[Spatial localization data]
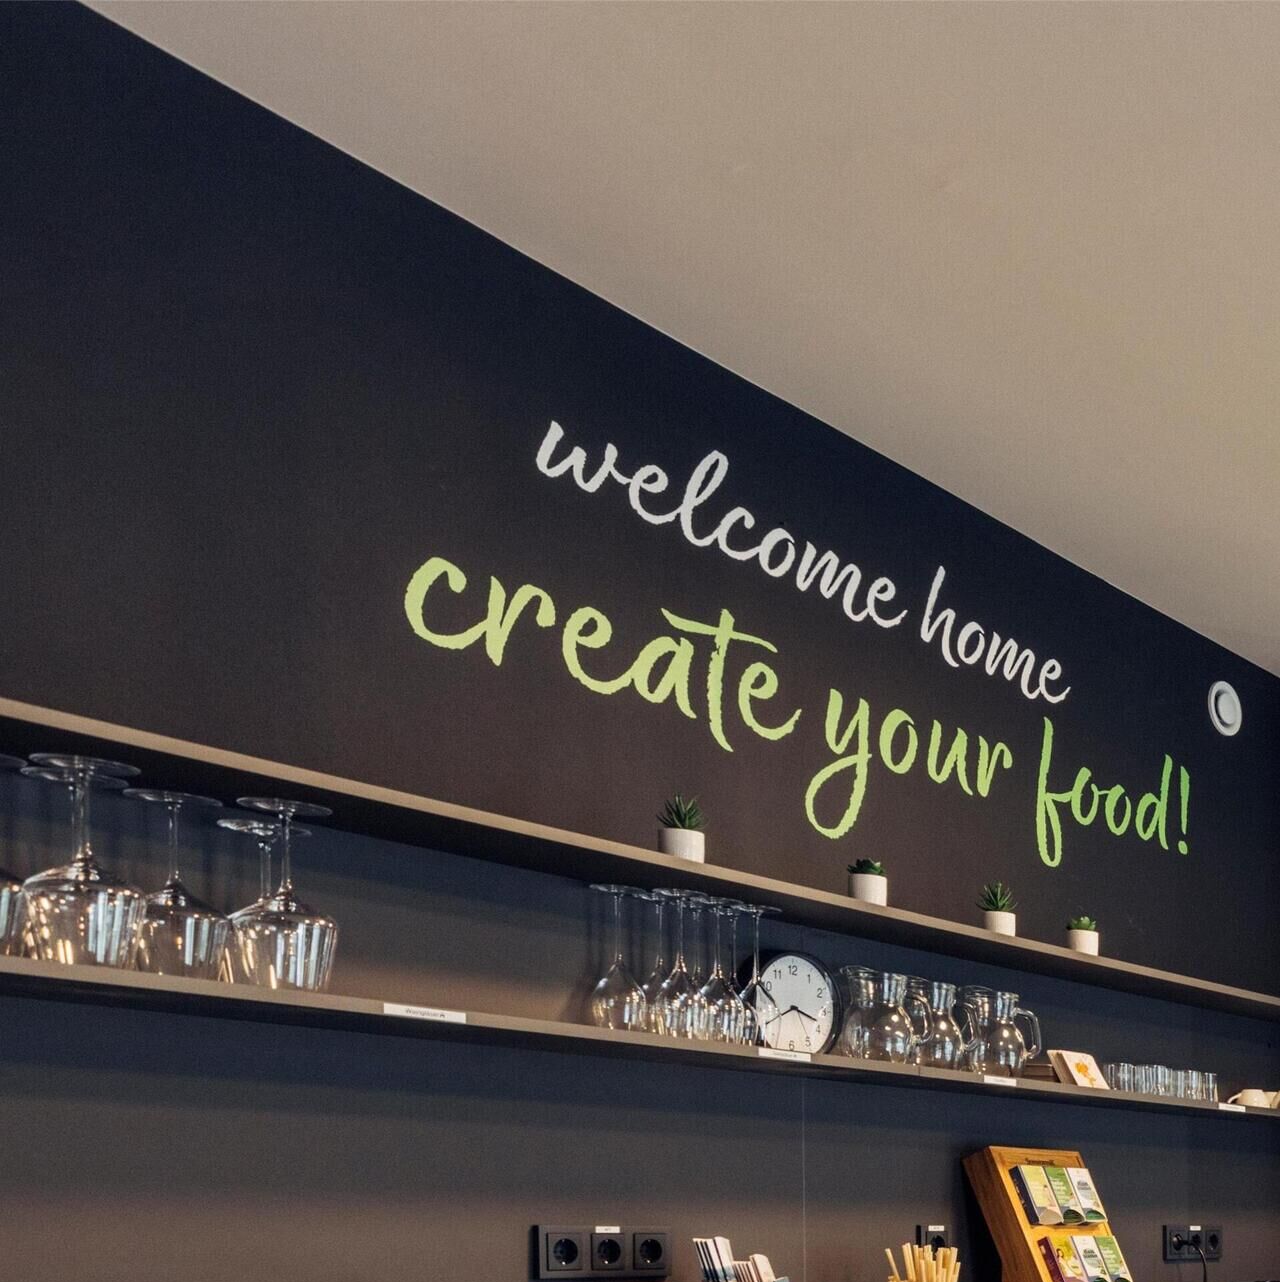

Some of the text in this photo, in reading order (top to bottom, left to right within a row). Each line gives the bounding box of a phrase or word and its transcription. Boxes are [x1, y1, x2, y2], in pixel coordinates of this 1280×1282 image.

[535, 420, 1071, 703] welcome home
[404, 556, 1190, 868] create your food!
[773, 969, 782, 979] 11
[788, 965, 798, 976] 12
[816, 988, 823, 998] 2
[789, 1040, 795, 1051] 6
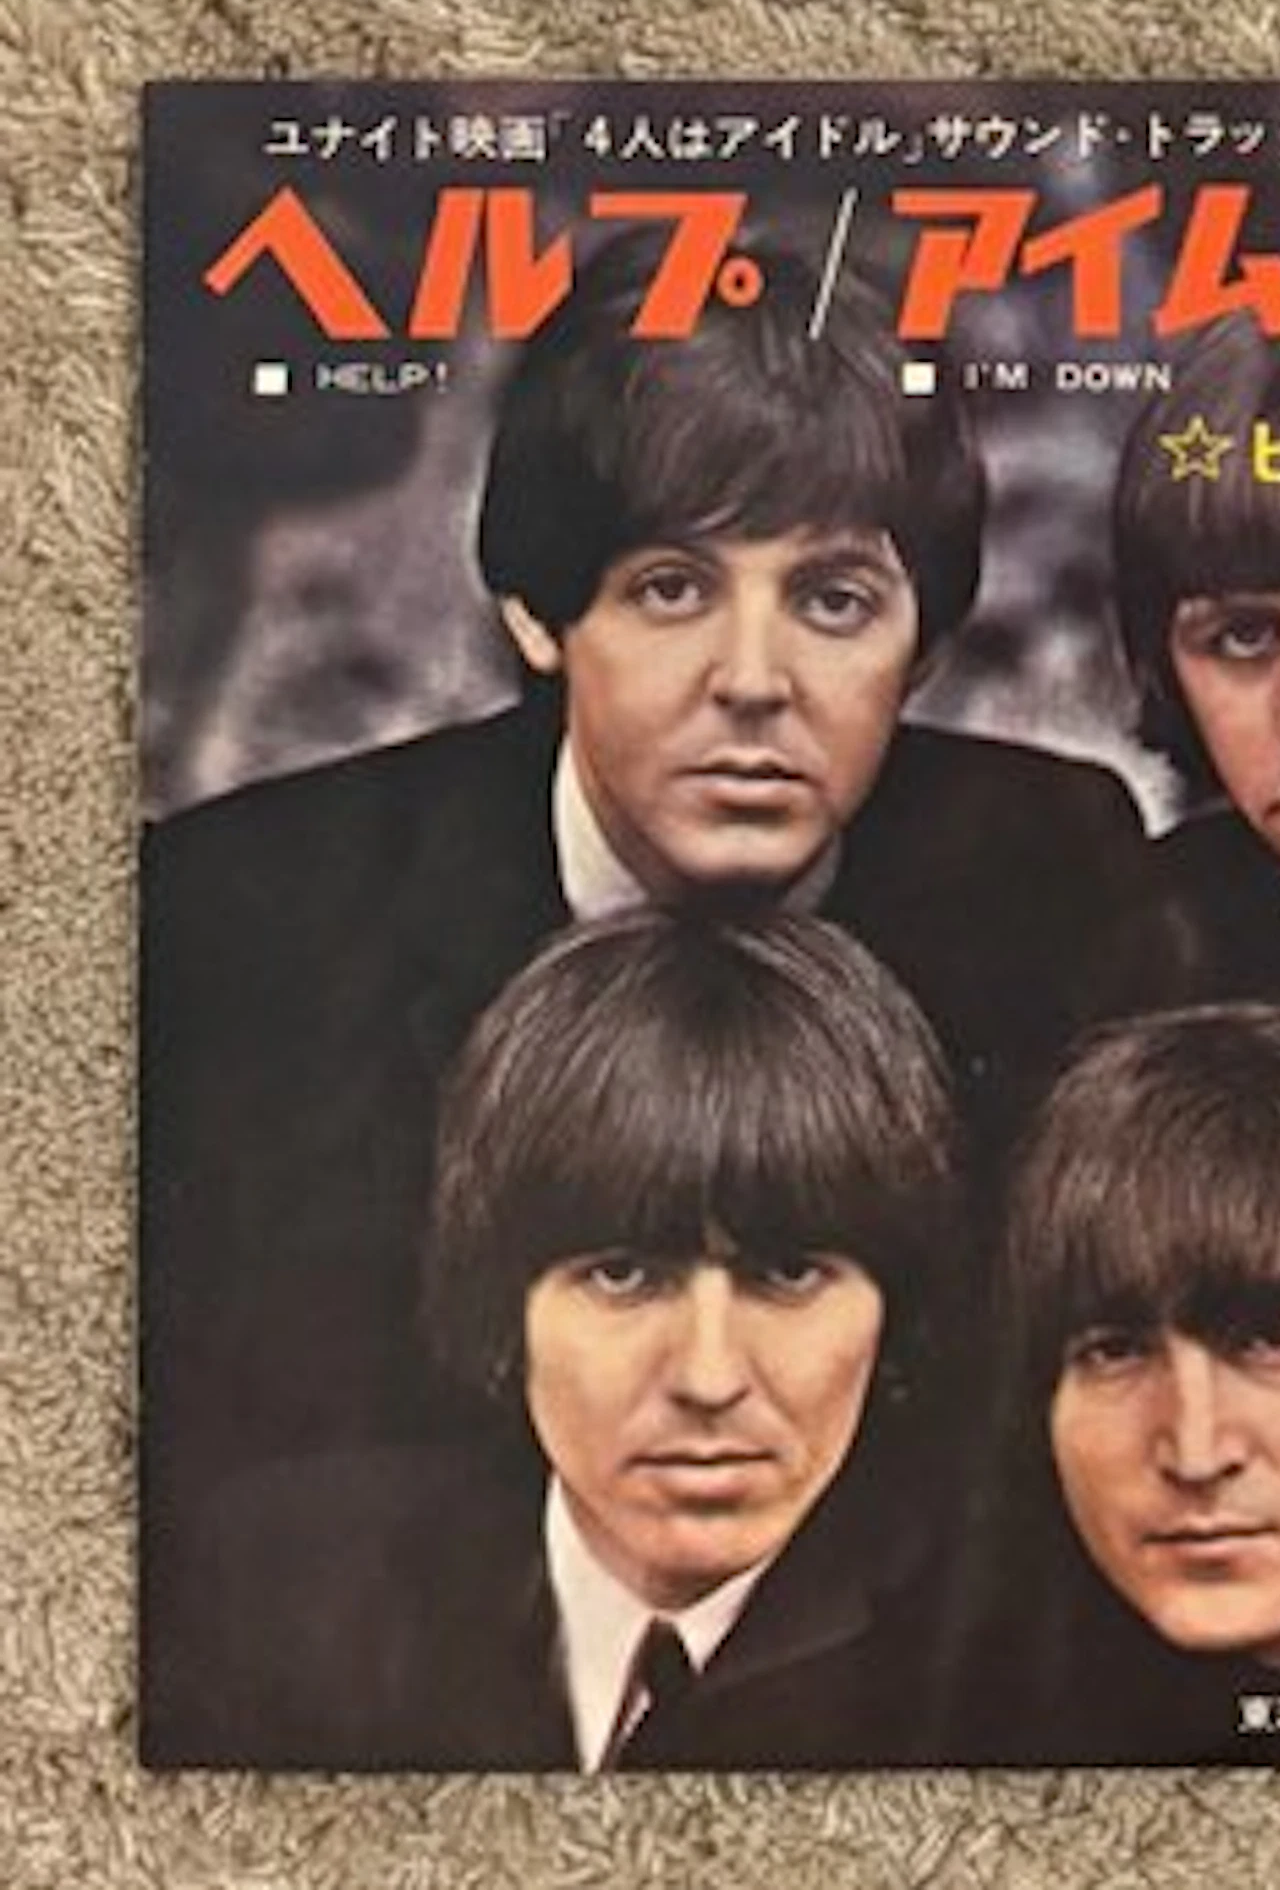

### EXERCISE AIM
Repeat each entry above exactly, passing over any images.

### ANSWER BOX
Some of the text in this photo, in reading order (top to bottom, left to right within a row). Each line gives the bounding box of a phrase or word and its transcription. Boxes are [x1, y1, x2, y2], in pixel coordinates of this 1280×1282 image.

[535, 420, 1071, 703] welcome home
[404, 556, 1190, 868] create your food!
[773, 969, 782, 979] 11
[788, 965, 798, 976] 12
[816, 988, 823, 998] 2
[789, 1040, 795, 1051] 6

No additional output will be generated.